Many of those promoting that perception are obviously interested in maintaining public confidence in the existing food system, including ingredient lists dominated by GM corn and soy staples and grocery stores made possible by heavy applications of pesticides.
A 2012 Stanford study claimed that there was no evidence that organic foods were any better for you, and the Academy of Pediatrics followed suit with recommendations that organic was no better for children. “…The needed long-term studies do not yet exist to show that eating pesticide-free food makes people healthier,” said Joel Forman, an associate professor of pediatrics at Mount Sinai Hospital and co-author of the Pediatrics report.

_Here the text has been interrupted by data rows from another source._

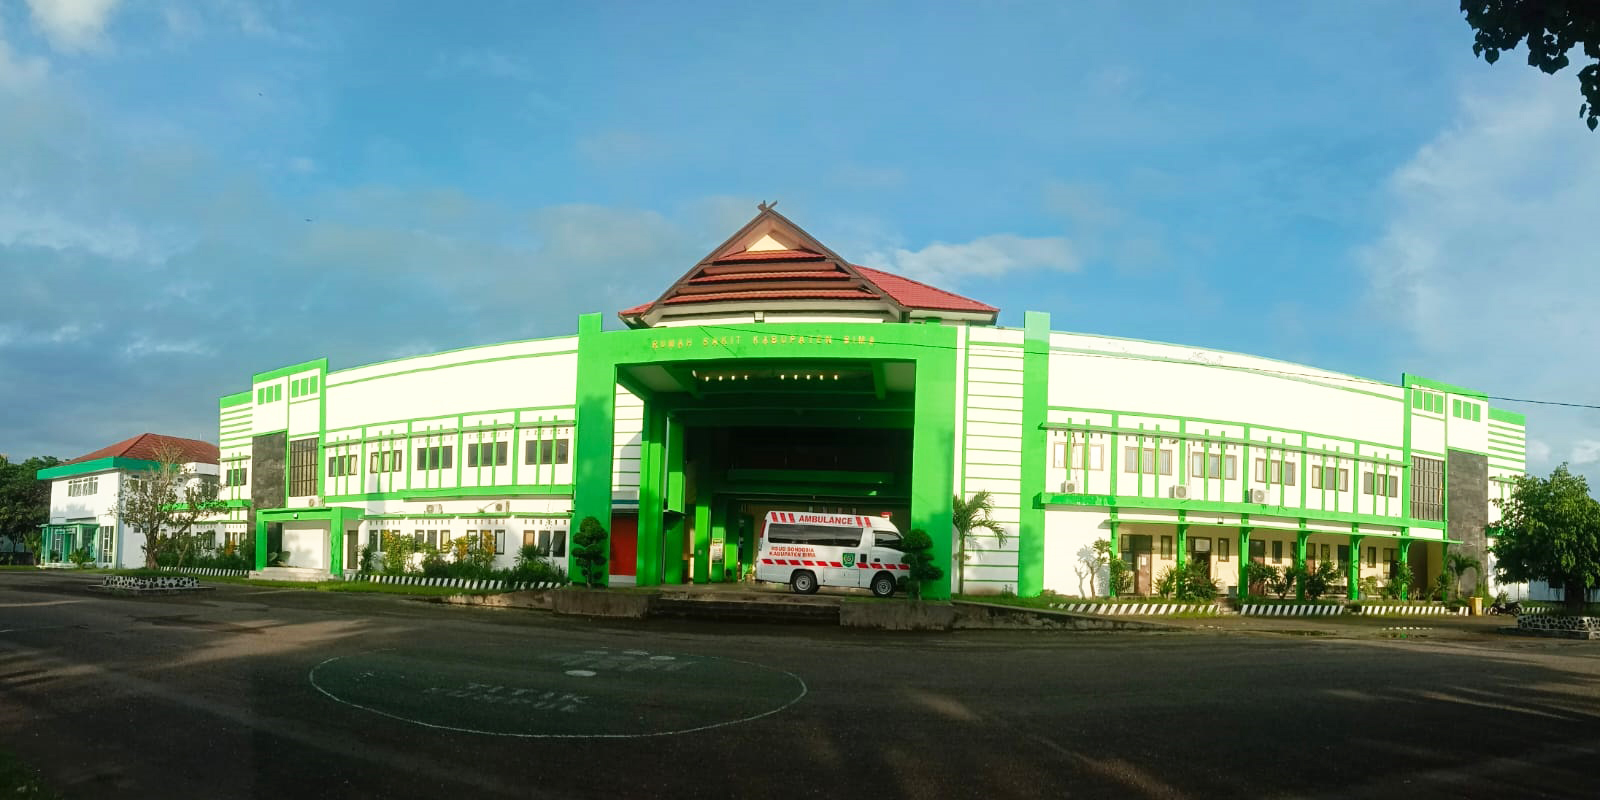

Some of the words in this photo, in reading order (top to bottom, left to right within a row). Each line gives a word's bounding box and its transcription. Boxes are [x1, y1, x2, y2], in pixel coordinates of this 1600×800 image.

[651, 337, 691, 349] RUMAH
[703, 335, 741, 346] SAKIT
[753, 335, 832, 345] KABUPATEN
[843, 335, 875, 345] BIMA
[799, 515, 853, 524] AMBULANCE

- Little evidence of health benefits from organic foods, Stanford study finds
- Pediatricians: Organic foods may not be better
But do we really need a long-term study just to decide whether or not we should eat regular doses of pesticides with our breakfast, lunch and dinner?
The impact of pesticides in growing your food – which isn’t allowed in certified organic crops – provides more than enough reason to consider avoiding as much GMO and conventional food products as possible. But of course, it is your choice!
Here’s a look at just how many pesticides are used in growing typical crops – like the soybeans used in this chart – by ordinary farmers, depending upon which cultivation method they ascribe to (GMO with Roundup Ready soy; conventional soy; organic soy):
Compare the average number of pesticides used to cultivate GM soybeans and conventional soybeans vs. organic soybeans. (And don’t forget that Roundup is often applied multiple times in a season).
Scientists have tracked pesticide residue samples collected from produce sold in grocery stores over many years – analyzing data sets from the USDA, California’s Dept. of Pesticide Regulation and the Consumers Union – and determined that organic produce has, on average, one third of the pesticide residue levels as compared with conventional produce, while the latter often has traces of multiple pesticides. The worst offenders showed residues from 14 types of pesticides; don’t forget that these toxic agents are also taken up by the plant and may be expressed inside foods as well.
- Study Finds Far Less Pesticide Residue on Organic Produce
- Pesticide residues in conventional, integrated pest management (IPM)-grown and organic foods: insights from three US data sets.
While organic foods may not be perfect, they verifiably do expose consumers to less pesticides in their diet – something that may be worthwhile, particularly for children.
Pesticides: Hazardous to Humans and Other Living Creatures
After all, many types of pesticides are outright neurotoxins, potential carcinogens and/or endocrine disruptors. It might just be a wise idea – under the precautionary principle (ya know, until the evidence comes in through those long-term studies) – to minimize your intake of things marked with a skull & crossbones on the warning label.
- Glyphosate-based herbicides are toxic and endocrine disruptors in human cell lines
- Neurotoxicity of pesticides: a brief review.
- Neurotoxicity of pesticides.
Roundup Upsets Photosynthesis in Plants
Studies have found that glyphosate, the active ingredient in Monsanto’s best-selling herbicide Roundup, accumulates in plants and adversely affects photosynthesis – which, in turn, may well affect the nutrition of your food, since photosynthesis is what makes all the good stuff happen in plants.
- Glyphosate Inhibits Photosynthesis and Allocation of Carbon to Starch in Sugar Beet Leaves
- Effects of 2,4-D, glyphosate and paraquat on growth, photosynthesis and chlorophyll–a synthesis of Scenedesmus quadricauda Berb 614
This remains true in glyphosate resistant (Roundup Ready GMO) crops as well, with studies pointing to a decline in the plant’s metabolic functions, including photosynthesis, due to the uptake of glyphosate.
- Compositional differences in soybeans on the market: Glyphosate accumulates in Roundup Ready GM soybeans
- Water use efficiency and photosynthesis of glyphosate-resistant soybean as affected by glyphosate
- Effect of glyphosate on symbiotic N2 fixation and nickel concentration in glyphosate-resistant soybeans
Good thing the EPA – ya know, the Environmental Protection Agency – just raised the allowable limits for glyphosate by 3,000%… happy eating!
- RT: Another win for Monsanto: US raises allowable levels of company’s pesticide in crops
- Truthstream Media: EPA to Raise Allowable Glyphosate Pesticide Levels in Food Crops by 3,000%!